**TASK ITEM:**
Each line below should be retyped exactly, with no pictures.

**DATA SECTION:**
────

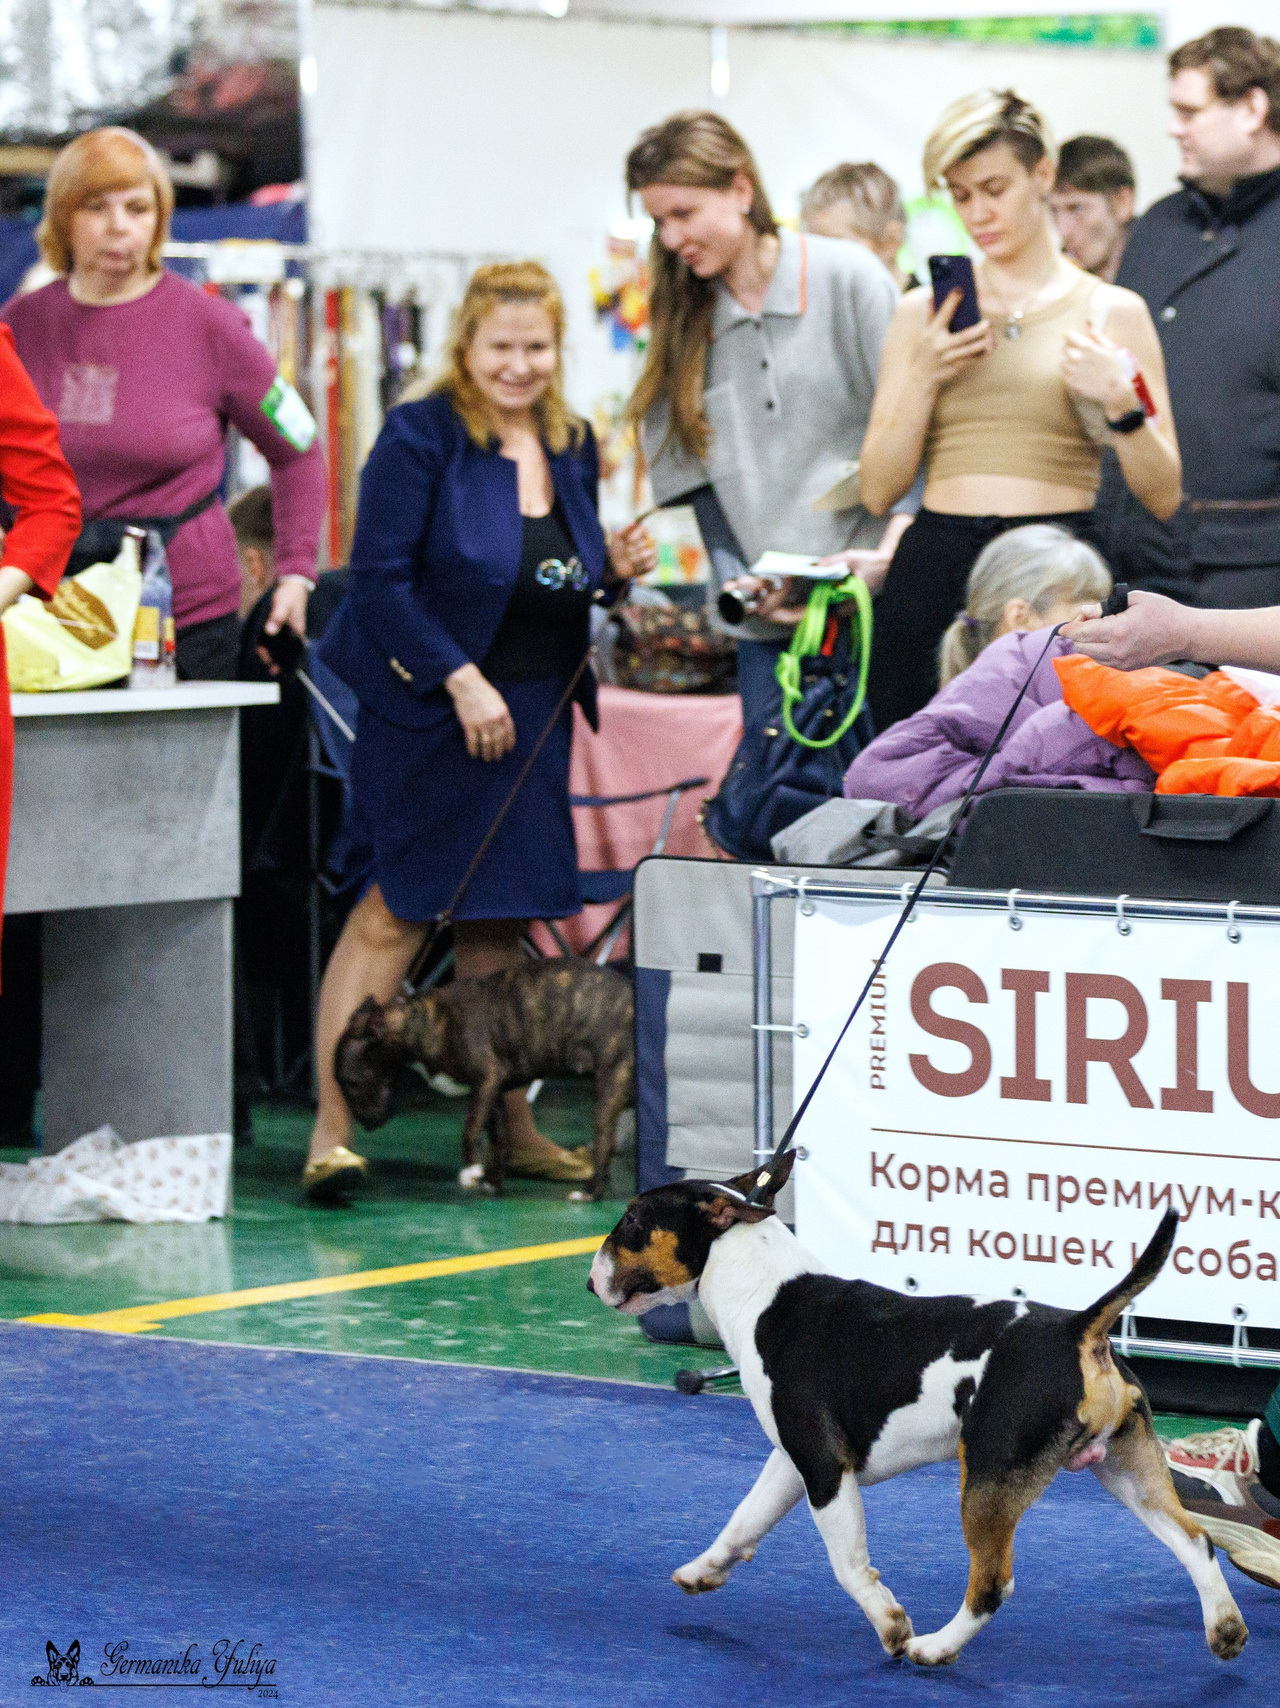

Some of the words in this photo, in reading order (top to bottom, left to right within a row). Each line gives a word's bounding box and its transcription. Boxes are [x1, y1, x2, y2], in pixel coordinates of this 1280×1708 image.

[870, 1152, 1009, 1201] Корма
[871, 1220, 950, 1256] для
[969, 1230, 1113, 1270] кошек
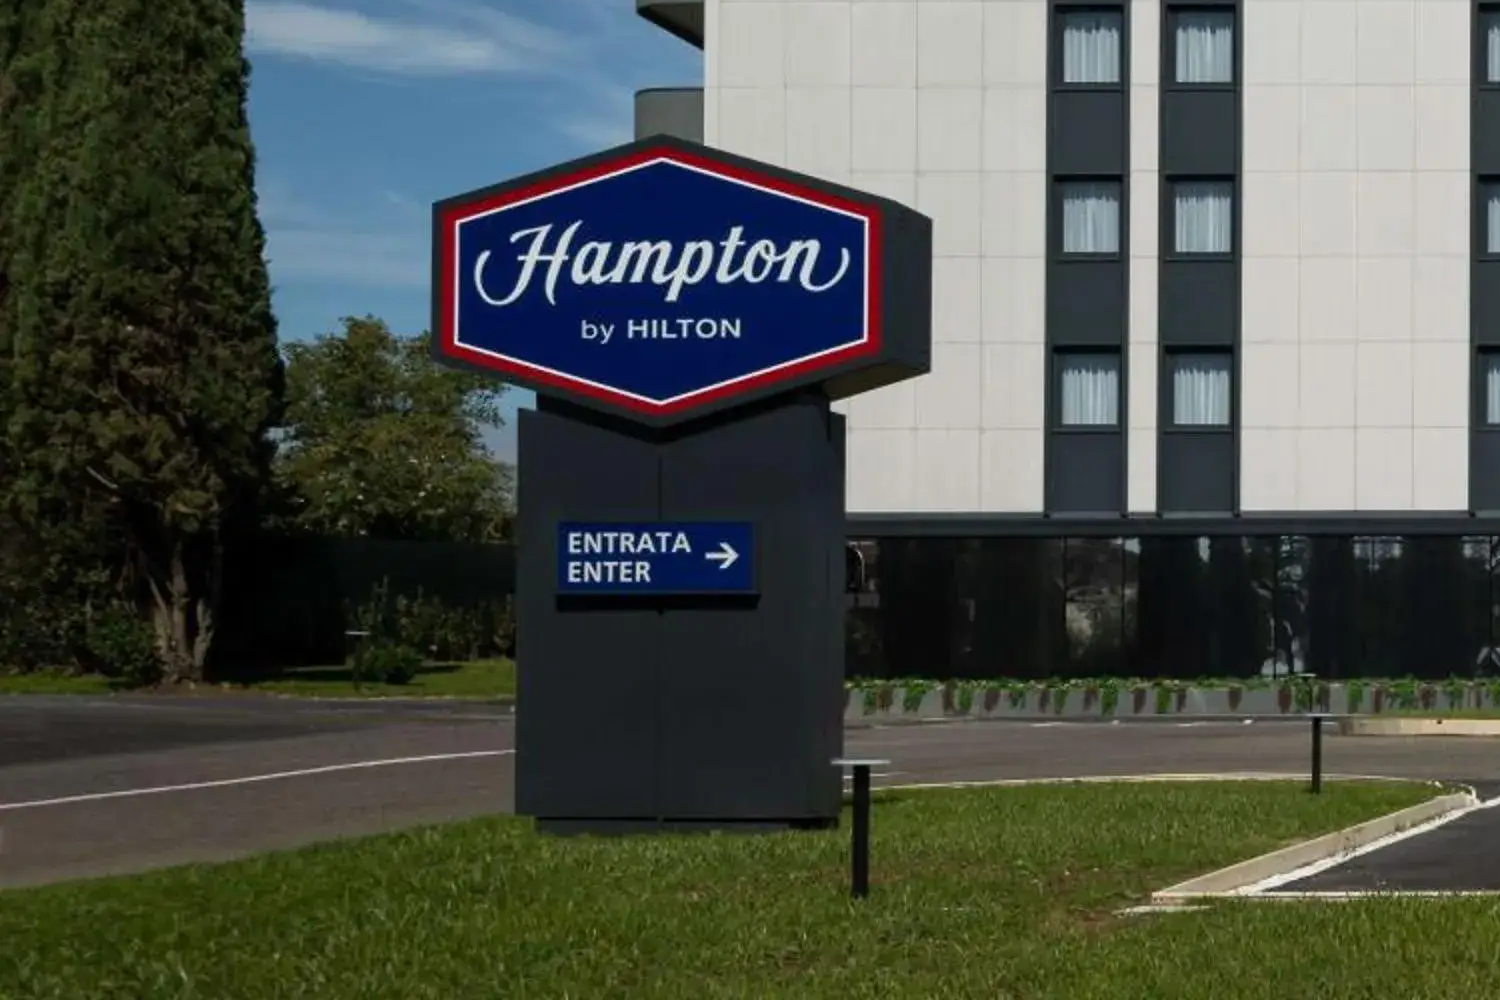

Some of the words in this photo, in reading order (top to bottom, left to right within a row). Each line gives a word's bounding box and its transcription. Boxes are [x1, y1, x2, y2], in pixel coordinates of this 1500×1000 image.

────

**RESPONSE:**
Some of the words in this photo, in reading order (top to bottom, left to right within a row). Each line gives a word's bounding box and its transcription. Boxes are [x1, y1, x2, y2], in pixel coordinates of this 1280×1708 image.

[870, 1152, 1009, 1201] Корма
[871, 1220, 950, 1256] для
[969, 1230, 1113, 1270] кошек

Some of the words in this photo, in reading order (top to bottom, left to right within a row). Each line gives a word's bounding box and its transcription. Boxes are [x1, y1, x2, y2], in pixel coordinates of this 1500×1000 image.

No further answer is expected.